**Work task**
Pictures aside, write out the data exactly as it reads.

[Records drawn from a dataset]
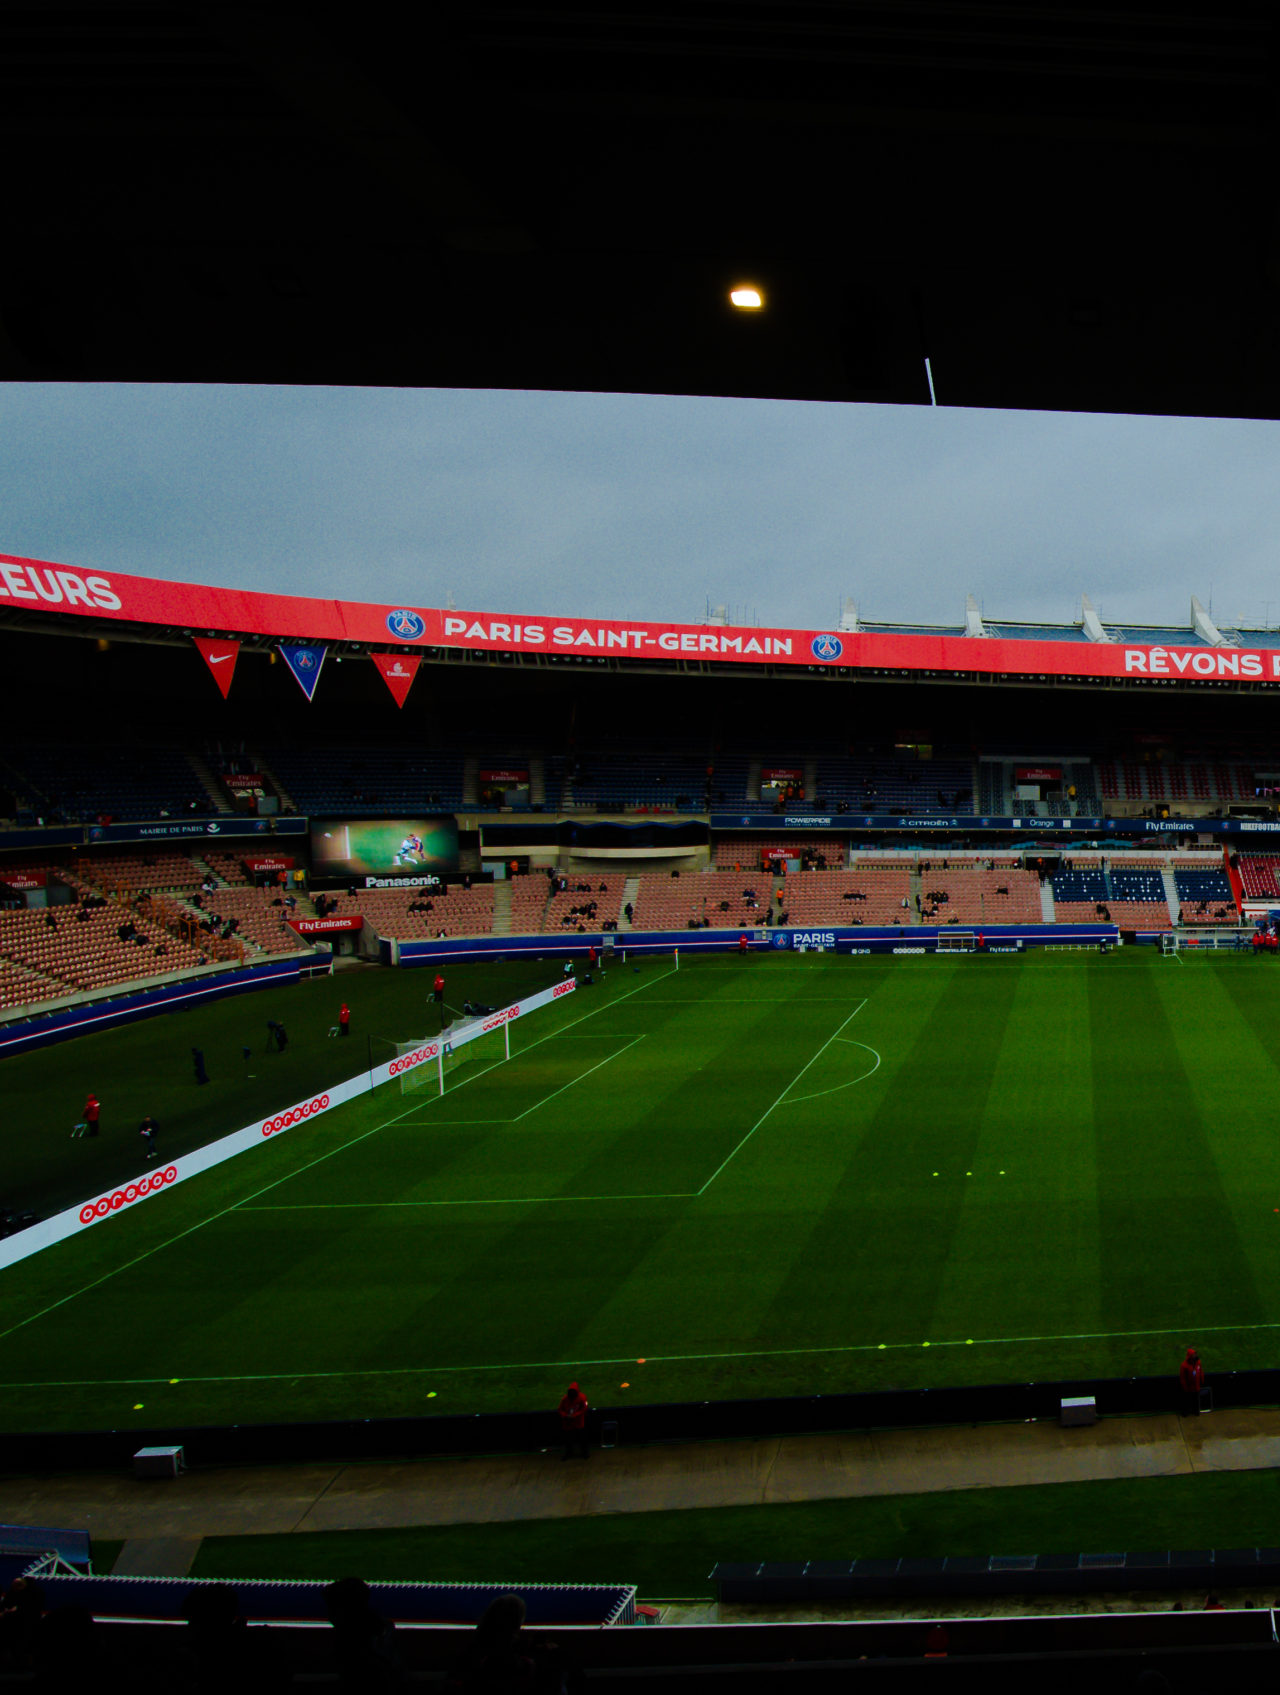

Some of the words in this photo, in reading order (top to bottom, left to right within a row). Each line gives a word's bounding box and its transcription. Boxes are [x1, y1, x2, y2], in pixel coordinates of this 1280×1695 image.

[445, 617, 546, 643] PARIS
[553, 627, 793, 655] SAINT-GERMAIN
[1125, 647, 1263, 676] RÊVONS
[139, 826, 168, 835] MAIRIE
[169, 826, 181, 834] DE
[181, 825, 204, 833] PARIS
[1030, 819, 1055, 828] Orange
[1159, 822, 1195, 831] Emirates
[365, 874, 440, 888] Panasonic
[299, 921, 314, 932] Fly
[314, 919, 352, 929] Emirates
[793, 933, 835, 943] PARIS
[389, 1043, 439, 1075] ooredoo
[262, 1095, 330, 1136] ooredoo
[79, 1166, 177, 1224] ooredoo

**Answer box**
Some of the words in this photo, in reading order (top to bottom, left to right within a row). Each line gives a word's bounding box and its transcription. Boxes are [x1, y1, x2, y2], in pixel coordinates of this 1280×1695 image.

[445, 617, 546, 643] PARIS
[553, 627, 793, 655] SAINT-GERMAIN
[1125, 647, 1263, 676] RÊVONS
[139, 826, 168, 835] MAIRIE
[169, 826, 181, 834] DE
[181, 825, 204, 833] PARIS
[1030, 819, 1055, 828] Orange
[1159, 822, 1195, 831] Emirates
[365, 874, 440, 888] Panasonic
[299, 921, 314, 932] Fly
[314, 919, 352, 929] Emirates
[793, 933, 835, 943] PARIS
[389, 1043, 439, 1075] ooredoo
[262, 1095, 330, 1136] ooredoo
[79, 1166, 177, 1224] ooredoo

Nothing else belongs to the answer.